One notable example of this is how supporters claim the "teaching lessons" aspect is clearly stated to be an excuse Beasts make, when it just plain isn't. Sure, there's a sidebar that does discuss how teaching lessons is more a way for Beasts to positively manage their condition, but that's far from the whole book clearly stating that. Not to mention, if teaching lessons was a way to manage the condition, then how come it doesn't discuss other methods of doing it, such as only targeting those that deserve it or maybe doing under the notion of strengthening humanity. Yes, those takes have their flaws but so is the teaching lessons angle, and those flawed outlooks make things interesting.

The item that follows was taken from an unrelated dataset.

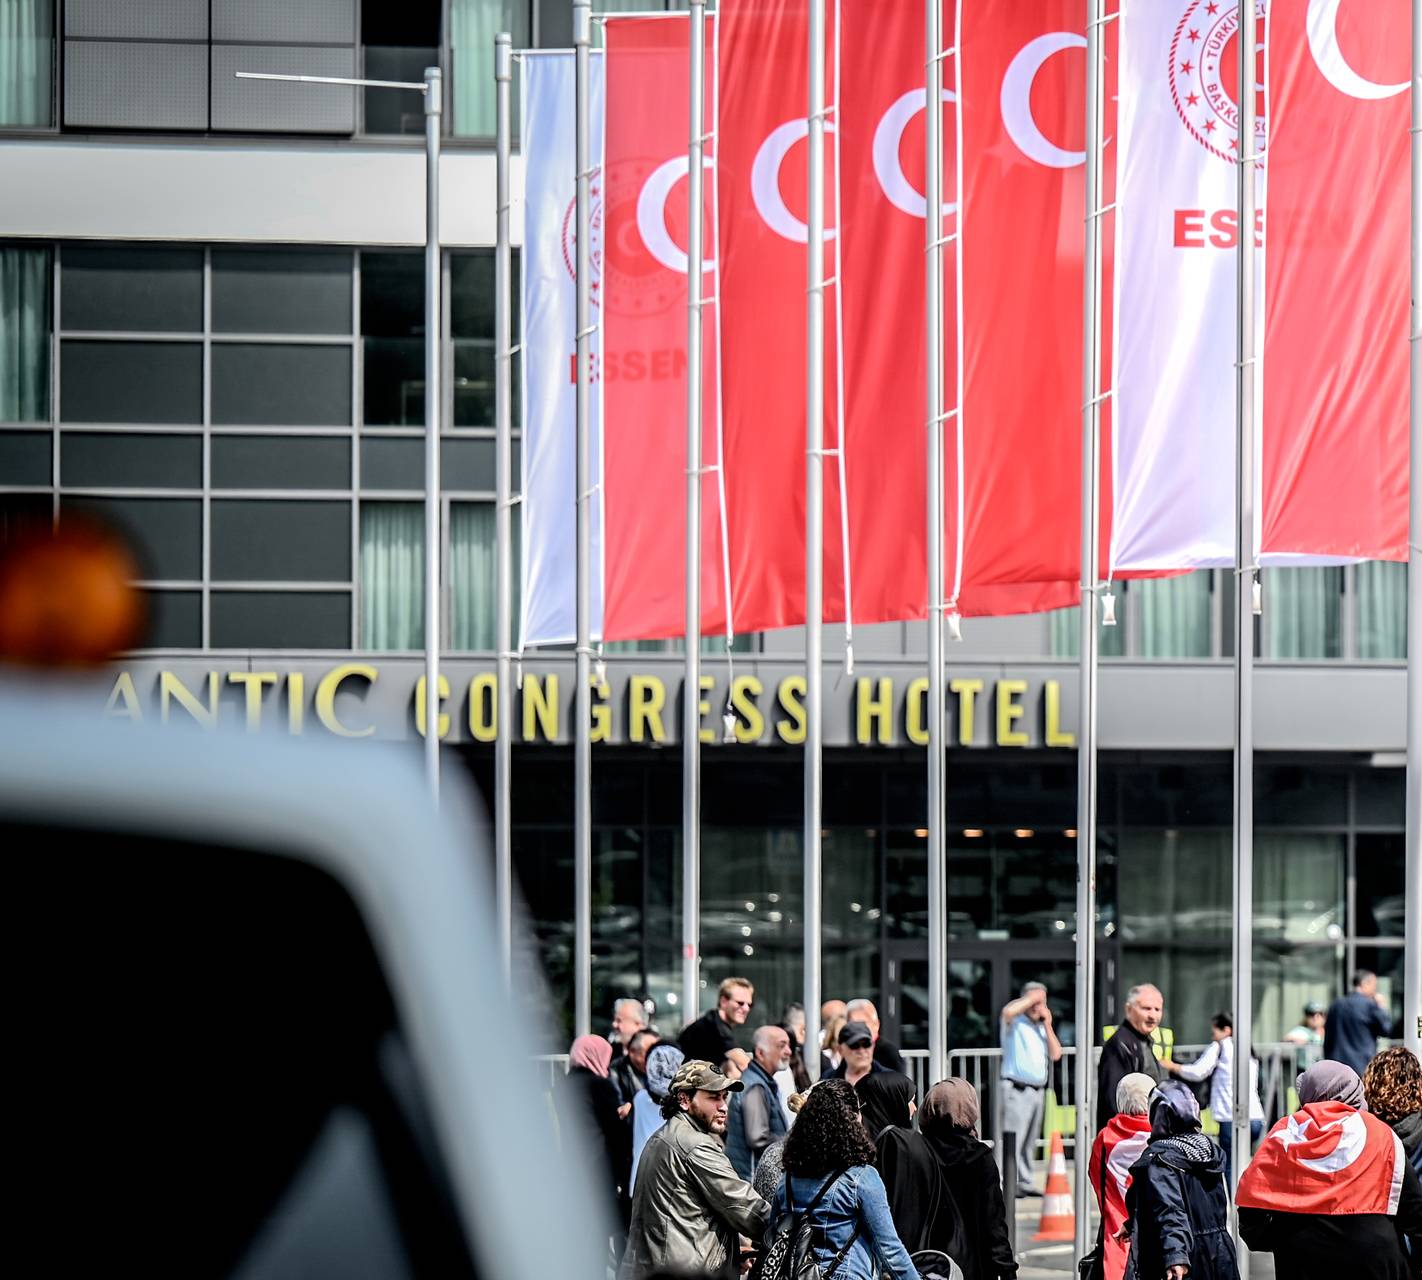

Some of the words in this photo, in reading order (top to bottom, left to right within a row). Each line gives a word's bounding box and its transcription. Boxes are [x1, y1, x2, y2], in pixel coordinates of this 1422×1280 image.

But no, there's just several paragraphs that state how Beasts are teaching lessons and how Heroes are interfering with that. A sidebar and a few sentences buried in all that doesn't make me believe that nuance was the main intent. Same deal with Heroes and their portrayal. There's no reason why only the maniacal Heroes would confront Beasts. Am I supposed to believe the moral Hero is going to look at a Beast that's burning buildings and think "Y'know, maybe I shouldn't interfere,", even though they can clearly see the Beast's Horror and they can sense the disturbance this would cause in the Primordial Dream? What about Heroes that kill Beasts out of pity, seeing them as broken beings who have no choice but to make others suffer? What about Heroes who only kill Beasts that feed too recklessly?
The corebook doesn't really touch on any of these possibilities in a significant way, if at all. Maybe Conquering Heroes explores some of that, but it also has a Beast who shits and pisses fish eggs so I'd rather not read that, thank you.
As for the argument that my take on the whole "Beasts=oppressed minorities" subtext is that I only note how there are Beasts who just so happen to belong to such groups. The problem with this is the fact that was only a supplement to my core argument: One of the game's major themes is the subtext. It's not even subtle about it, as it uses poor people as an example. But for some reason, this part was mostly ignored. Not being accusatory or anything, just pointing it out.